To properly sample high-speed data received on the DSI interface, the DSIx6 implements a hardware mechanism, known as DSI_CLK_RANGE Estimator, to determine the DSI clock frequency. This hardware mechanism uses the REFCLK as a reference for calculating the DSI clock frequency. When the REFCLK_FREQ register correctly matching the REFCLK frequency, the DSI_CLK_RANGE Estimator will be able determine the DSIA and DSIB clock frequency.
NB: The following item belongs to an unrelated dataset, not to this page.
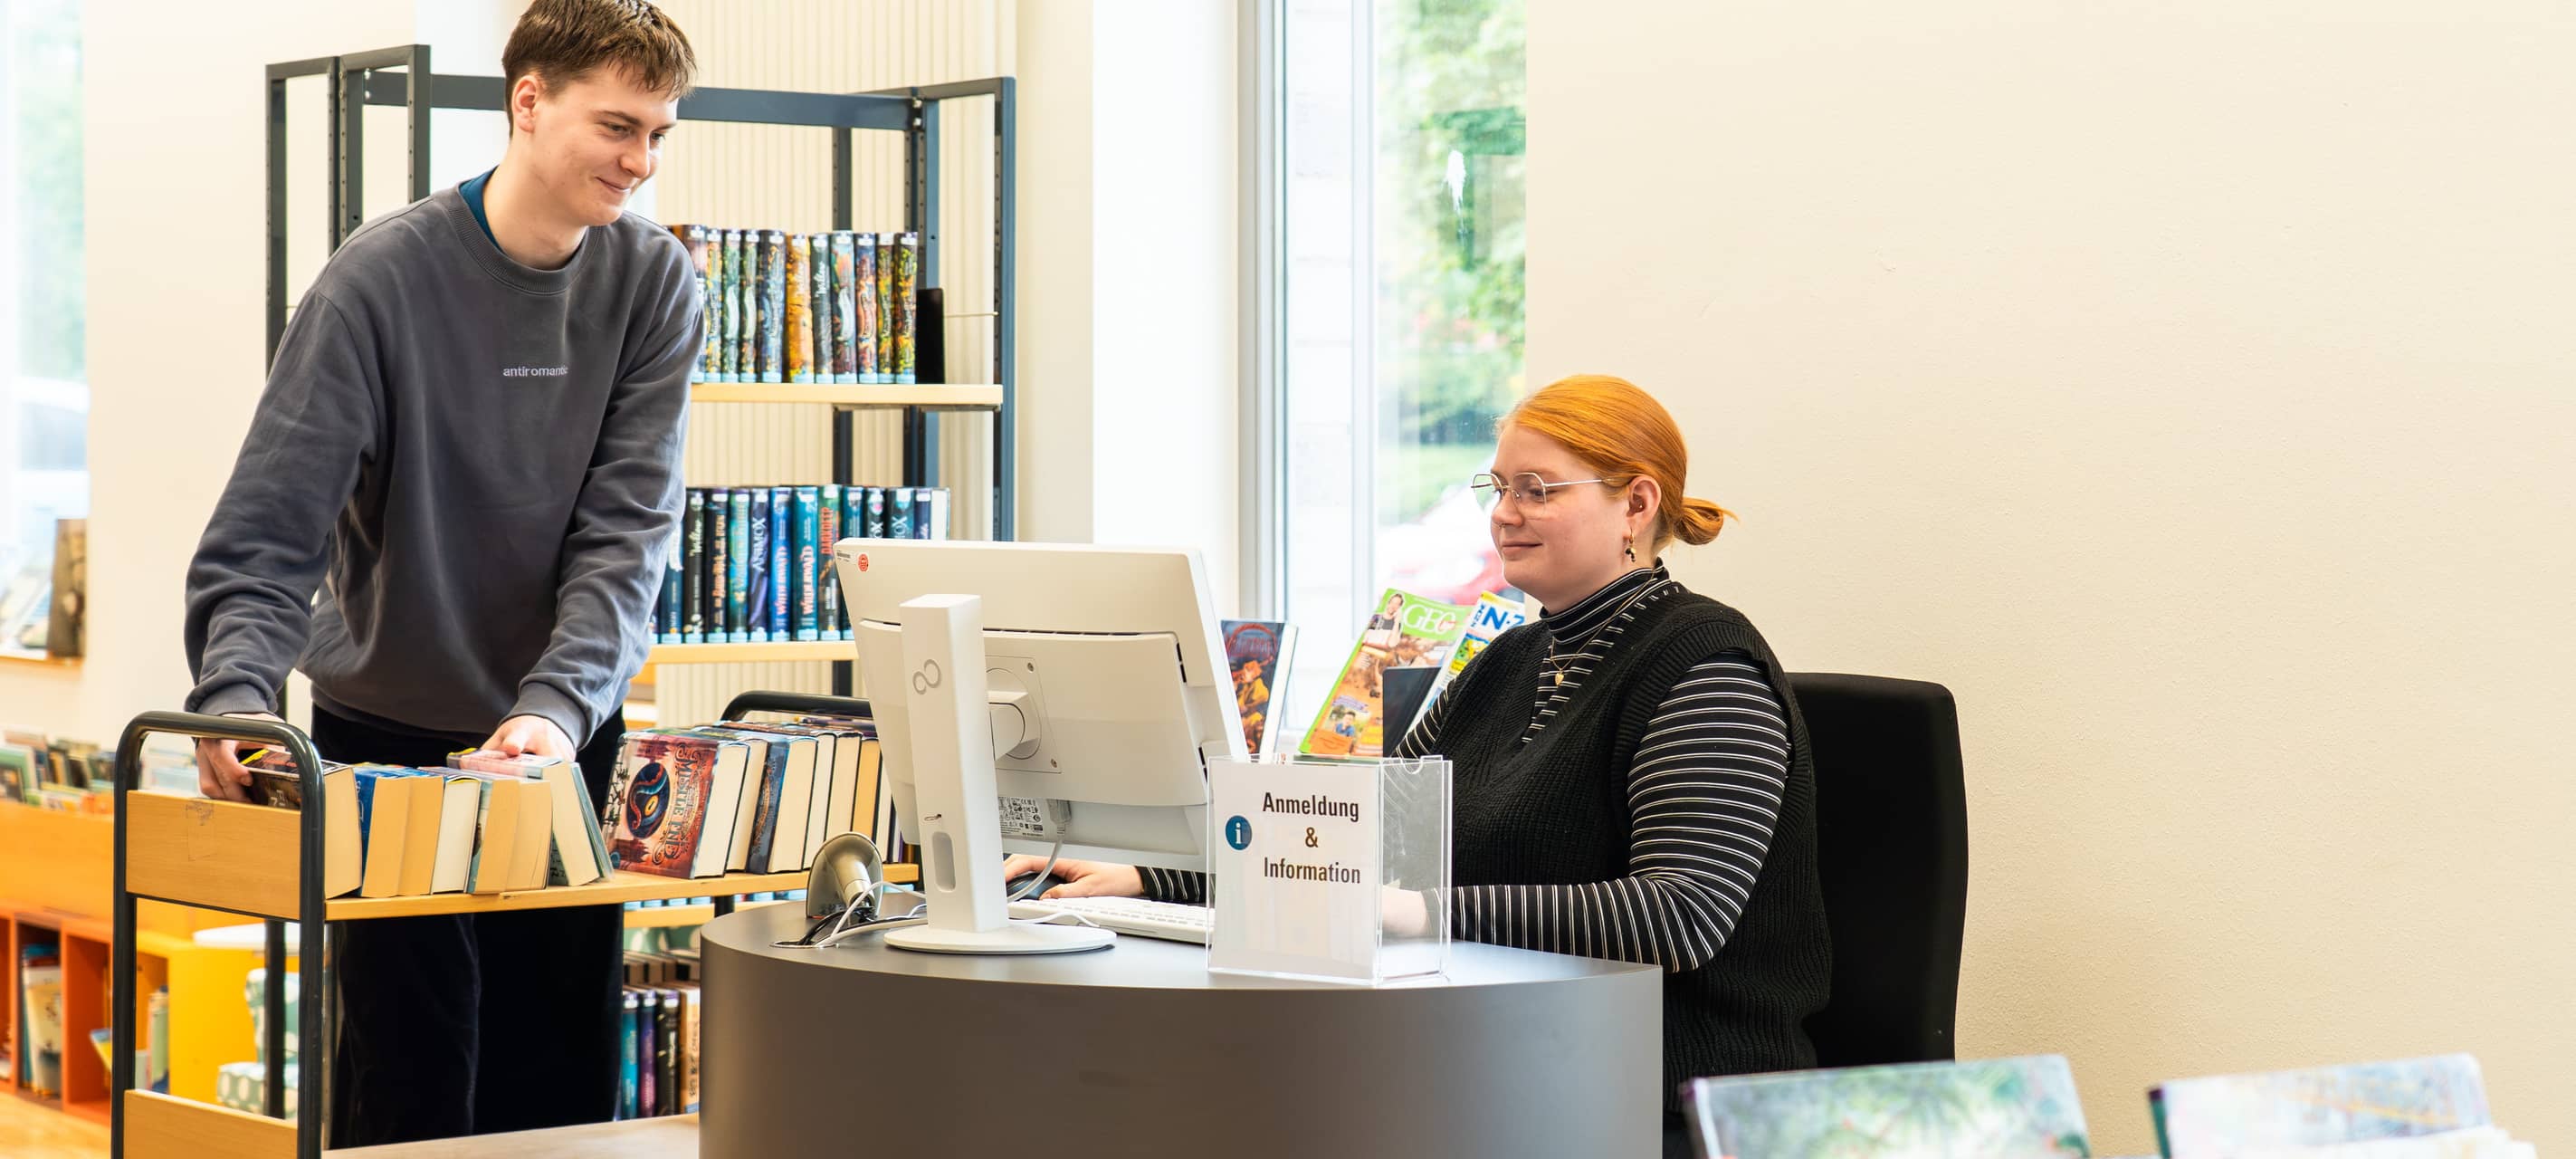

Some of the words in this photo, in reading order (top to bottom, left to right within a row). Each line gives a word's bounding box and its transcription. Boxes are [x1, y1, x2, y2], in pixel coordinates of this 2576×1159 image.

The DSI_CLK_RANGE Estimator requires a throw-away read (that is, read from address 0x00) before hardware will update CHA_DSI_CLK_RANGE and CHB_DSI_CLK_RANGE registers. Note that this first access may set some DSI error bits. In the cases where the system designer does not wish to use the DSI_CLK_RANGE Estimator, software can write the desired DSI Clock frequency to the CHA_DSI_CLK_RANGE and CHB_DSI_CLK_RANGE. Once these registers are written, the DSI_CLK_RANGE Estimator will be disabled and it becomes system software responsibility to make sure the CHA_DSI_CLK_RANGE and CHB_DSI_CLK_RANGE registers always reflect the actual DSI clock frequency.